In this section, we will see how both these approaches work. We will use the bubble sort algorithm to first sort the linked list by changing the data, and then we will see how we can use bubble sort to change the links in order to sort the linked list.

Sorting Linked List by Exchanging Data

To sort a linked list by exchanging data, we need to declare three variables p, q, and end.

The variable p will be initialized with the start node, while end will be set to None.

It is important to remember that to sort the list with n elements using bubble sort, you need n-1 iterations.

To implement bubble sort, we need two while loops. The outer while loop executes until the value of variable end is equal to the self.start_node.

The inner while loop executes until p becomes equal to the end variable. Inside the outer while loop, the value of p will be set to self.start_node which is the first node. Inside the inner while loop, the value of q will be set to p.link which is actually the node next to q. Then the values of p and q will be compared if p is greater than q the values of both the variables will be swapped and then p will point to p.ref, which is the next node. Finally, the end will be assigned the value of p. This process continues until the linked list is sorted.

Let's understand this process with the help of an example. Suppose we have the following list:

8,7,1,6,9  

Let's implement our algorithm to sort the list. We'll see what will happen during each iteration. The purpose of the bubble sort is that during each iteration, the largest value should be pushed to the end, hence at the end of all iterations, the list will automatically be sorted.

Before the loop executes, the value of end is set to None.

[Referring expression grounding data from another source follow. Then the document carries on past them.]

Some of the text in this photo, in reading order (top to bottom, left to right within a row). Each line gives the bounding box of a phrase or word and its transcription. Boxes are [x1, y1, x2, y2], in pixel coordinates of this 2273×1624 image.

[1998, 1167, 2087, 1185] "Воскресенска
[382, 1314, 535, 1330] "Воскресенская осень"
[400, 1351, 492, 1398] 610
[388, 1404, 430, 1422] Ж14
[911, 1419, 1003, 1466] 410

In the first iteration, p will be set to 8, and q will be set to 7. Since p is greater than q, the values will be swapped and p will become p.ref. At this point of time the linked list will look like this:

7,8,1,6,9  

Since at this point of time, p is not equal to end, the loop will continue and now p will become 8 and q will become 1. Since again p is greater than q, the values will be swapped again and p will again become p.ref. The list will look like this:

7,1,8,6,9  

Here again, p is not equal to end, the loop will continue and now p will become 8 and q will become 6. Since again p is greater than q, the values will be swapped again and p will again become p.ref. The list will look like this:

7,1,6,8,9  

Again p is not equal to end, the loop will continue and now p will become 8 and q will become 9. Here since p is not greater than q, the values will not be swapped and p will become p.ref. At this point of time, the reference of p will point to None, and end also points to None. Hence the inner while loop will break and end will be set to p.

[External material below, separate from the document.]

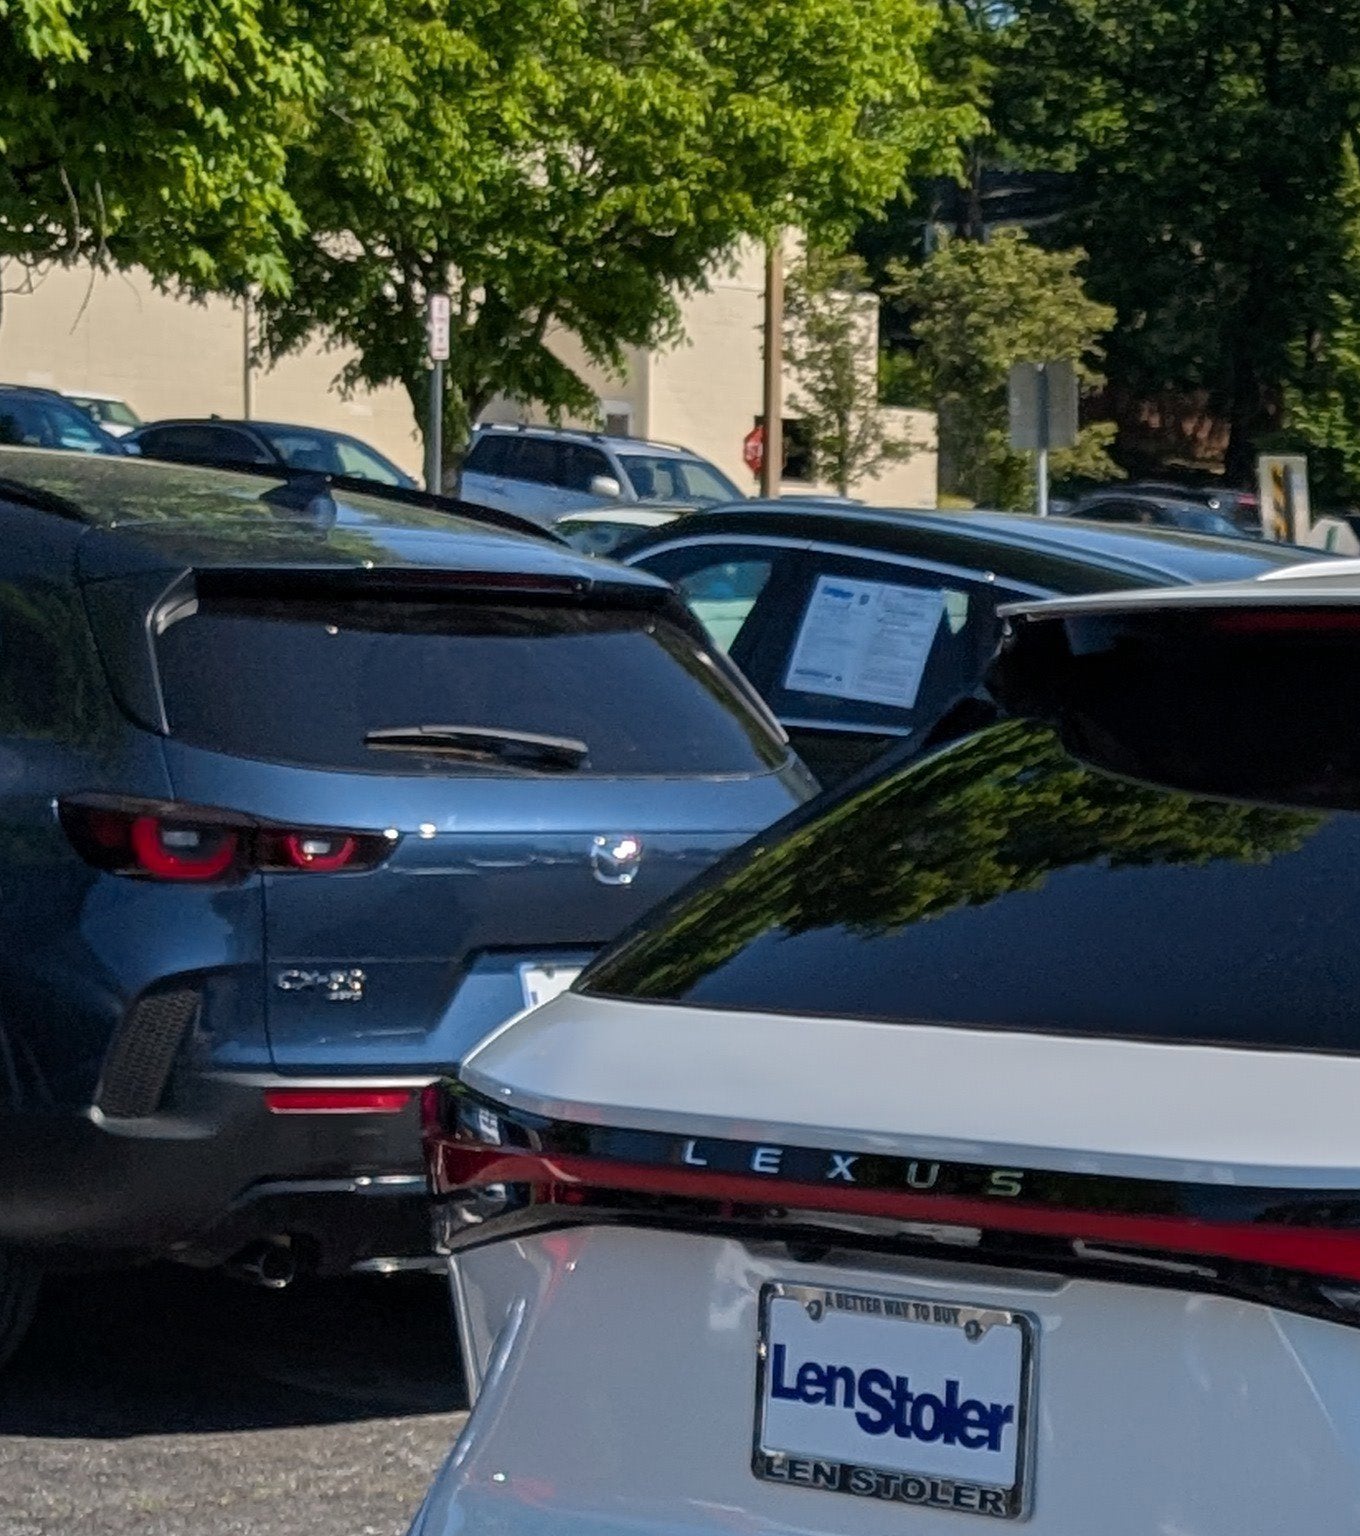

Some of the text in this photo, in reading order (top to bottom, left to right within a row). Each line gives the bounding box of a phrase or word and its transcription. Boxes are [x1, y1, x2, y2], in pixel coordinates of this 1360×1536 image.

In the next set of iterations, the loop will execute until 8, since 9 is already at the end. The process continues until the list is completely sorted.

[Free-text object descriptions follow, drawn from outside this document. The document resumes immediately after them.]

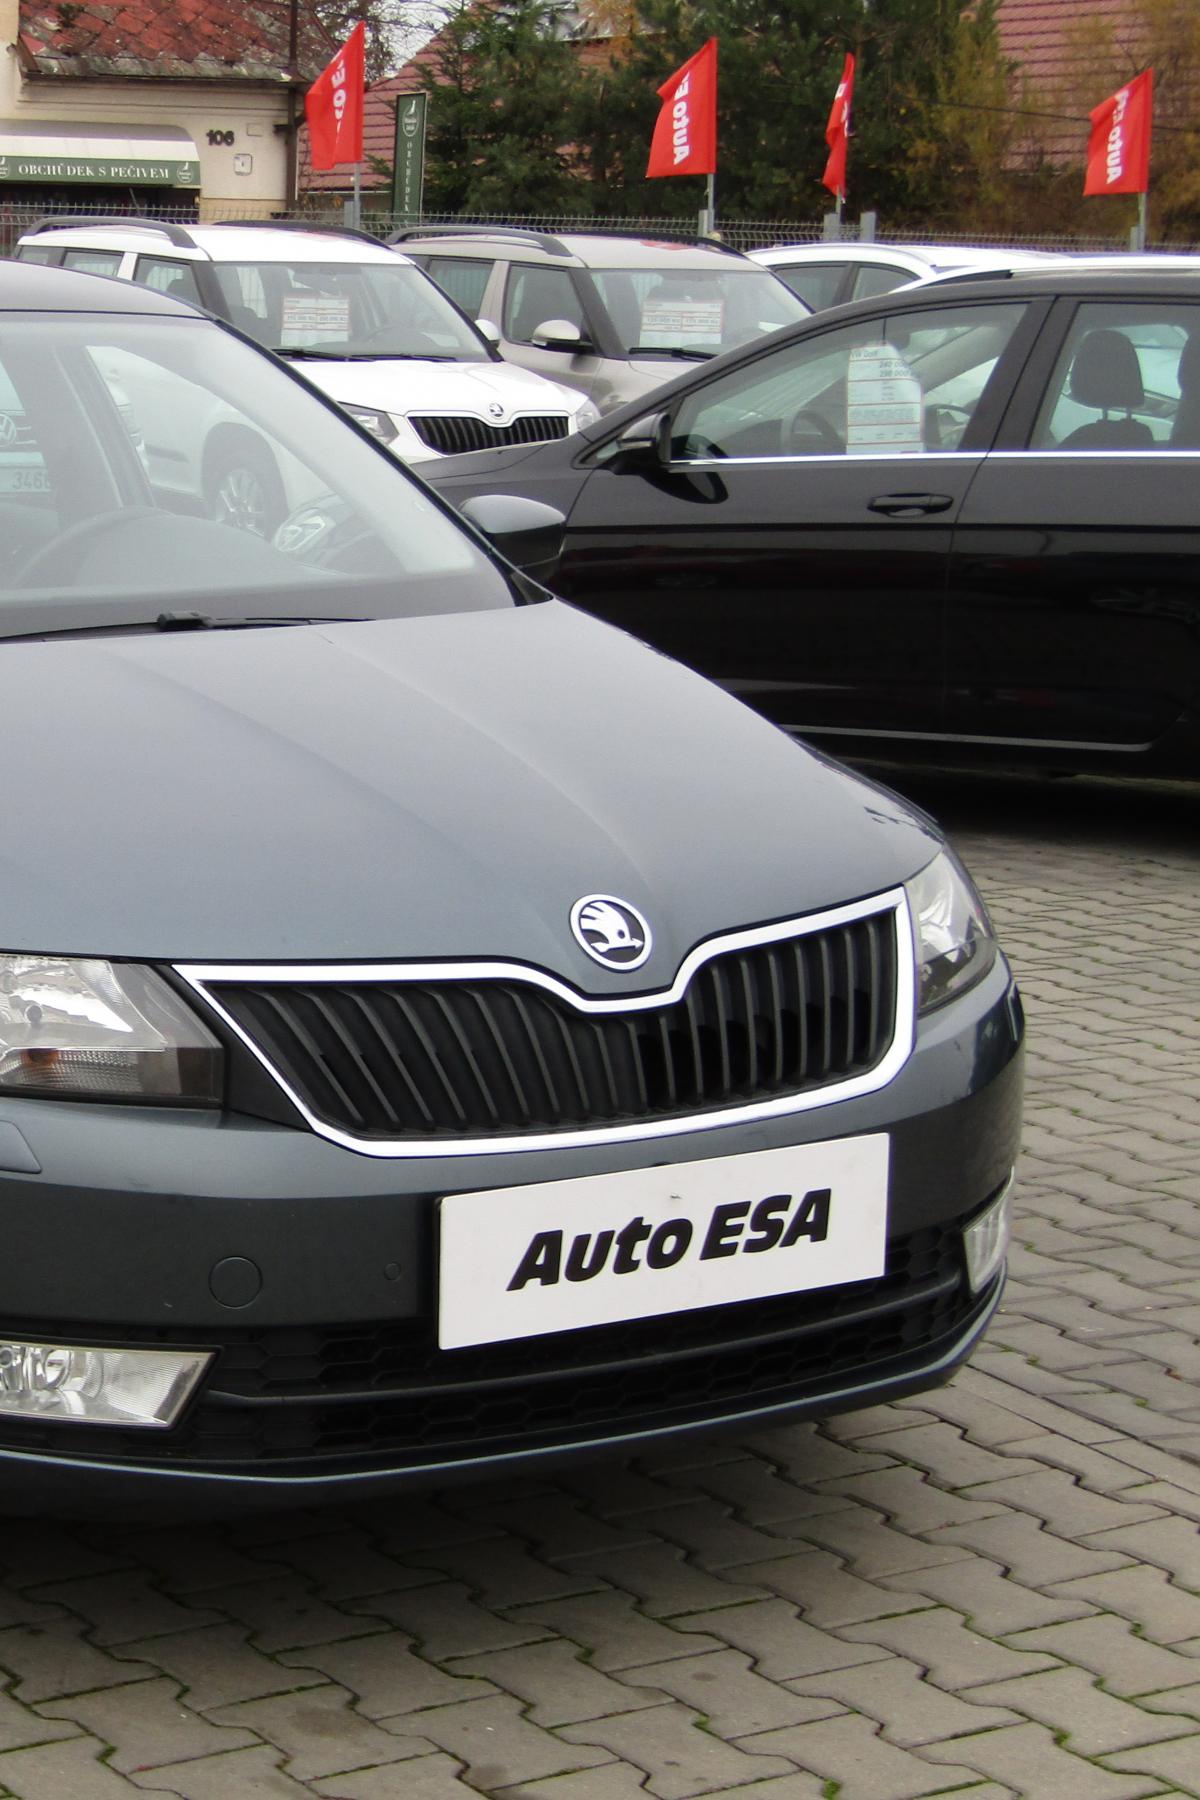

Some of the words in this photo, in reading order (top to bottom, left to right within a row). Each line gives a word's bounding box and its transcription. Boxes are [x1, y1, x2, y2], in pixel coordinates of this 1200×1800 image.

[206, 129, 235, 146] 106
[18, 163, 95, 177] OBCHŮDEK
[98, 168, 107, 177] S
[110, 165, 170, 179] PEČIVEM
[506, 1216, 693, 1291] Auto
[700, 1188, 832, 1260] ESA

The Python code for sorting the linked list using bubble sort by exchanging the data is as follows:

    def bub_sort_datachange(self):
        end = None
        while end != self.start_node:
            p = self.start_node
            while p.ref != end:
                q = p.ref
                if p.item > q.item:
                    p.item, q.item = q.item, p.item
                p = p.ref
            end = p

Add the bub_sort_dataexchange() method to the LinkedList class that you created in the last article.

Once you add the method to the linked list, create any set of nodes using the make_new_list() function and then use the bub_sort_dataexchange() to sort the list. You should see the sorted list when you execute the traverse_list() function.

Sorting Linked List by Modifying Links

Bubble sort can also be used to sort a linked list by modifying the links instead of changing data. The process remains quite similar to sorting the list by exchanging data, however, in this case, we have an additional variable r that will always correspond to the node previous than the p node.

Let's take a simple example of how we will swap two nodes by modifying links. Suppose we have a linked list with the following items:

10,45,65,35,1  

And we want to swap 65 and 35. At this point in time p corresponds to node 65, and q corresponds to node 35. The variable r will correspond to node 45 (previous to node p). Now if the node p is greater than node q, which is the case here, the p.ref will be set to q.ref and q.ref will be set to p. Similarly, r.ref will be set to q. This will swap nodes 65 and 35.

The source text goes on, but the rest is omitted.